» **Task to carry out**
Omit the pictures found among the records and print everything else exactly as it stands.

** Data extract follows **

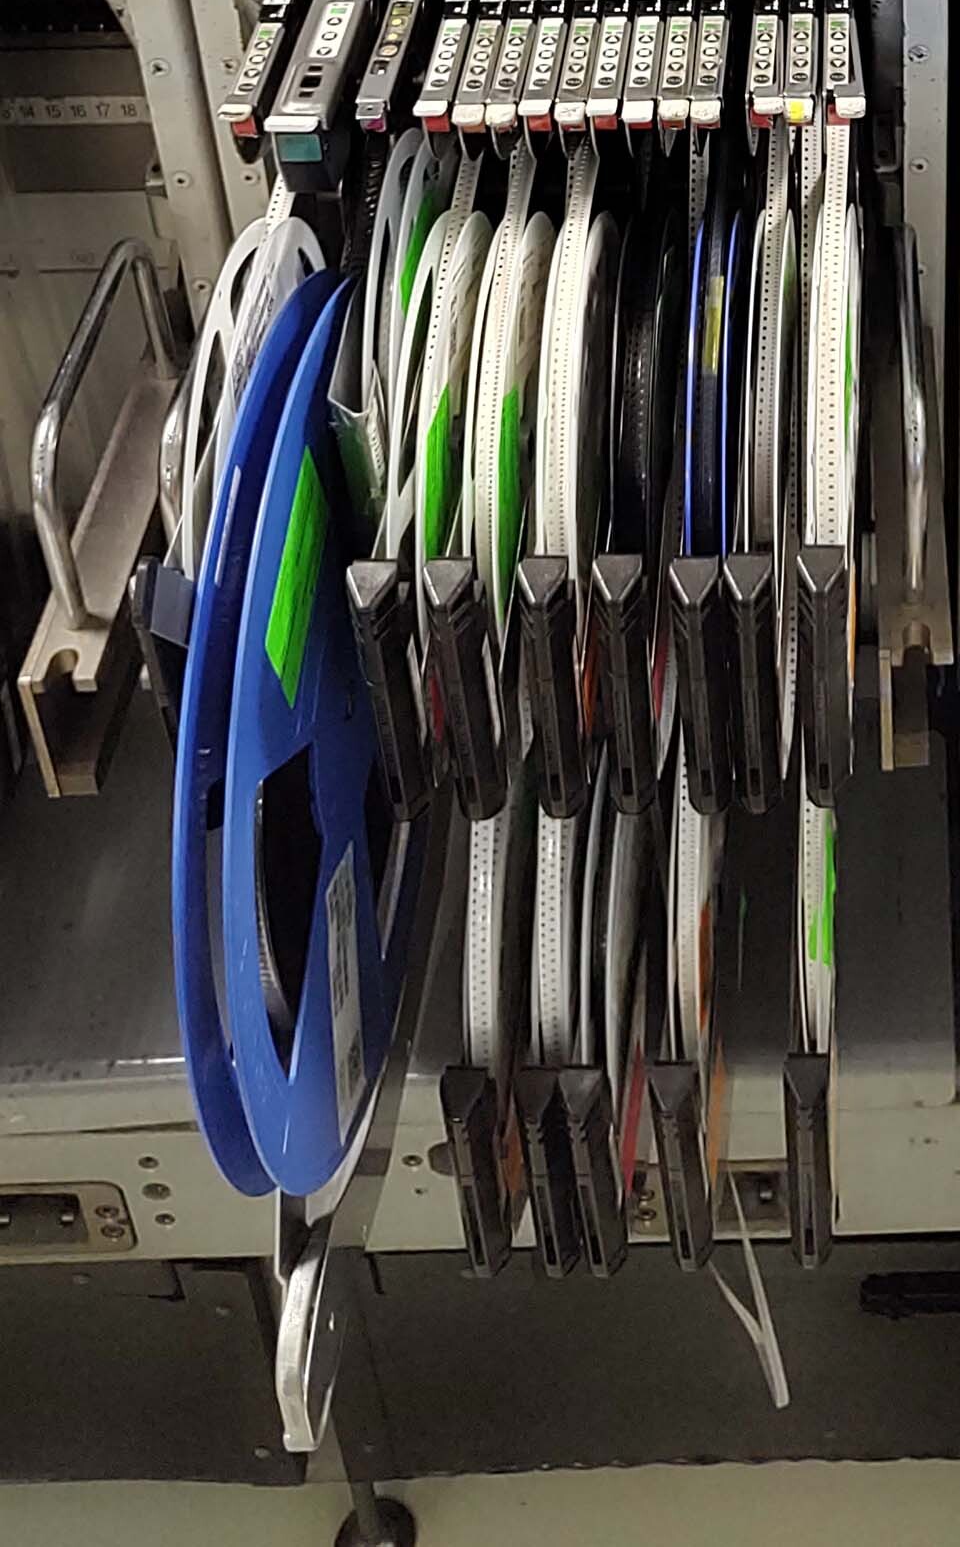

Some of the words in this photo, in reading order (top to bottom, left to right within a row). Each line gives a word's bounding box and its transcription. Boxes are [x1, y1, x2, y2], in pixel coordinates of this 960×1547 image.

[45, 105, 61, 118] 15
[70, 105, 87, 118] 16
[95, 104, 110, 117] 17
[120, 104, 137, 117] 18

** End of Data extract **

» **Response to this exercise**
Some of the words in this photo, in reading order (top to bottom, left to right within a row). Each line gives a word's bounding box and its transcription. Boxes are [x1, y1, x2, y2], in pixel coordinates of this 960×1547 image.

[45, 105, 61, 118] 15
[70, 105, 87, 118] 16
[95, 104, 110, 117] 17
[120, 104, 137, 117] 18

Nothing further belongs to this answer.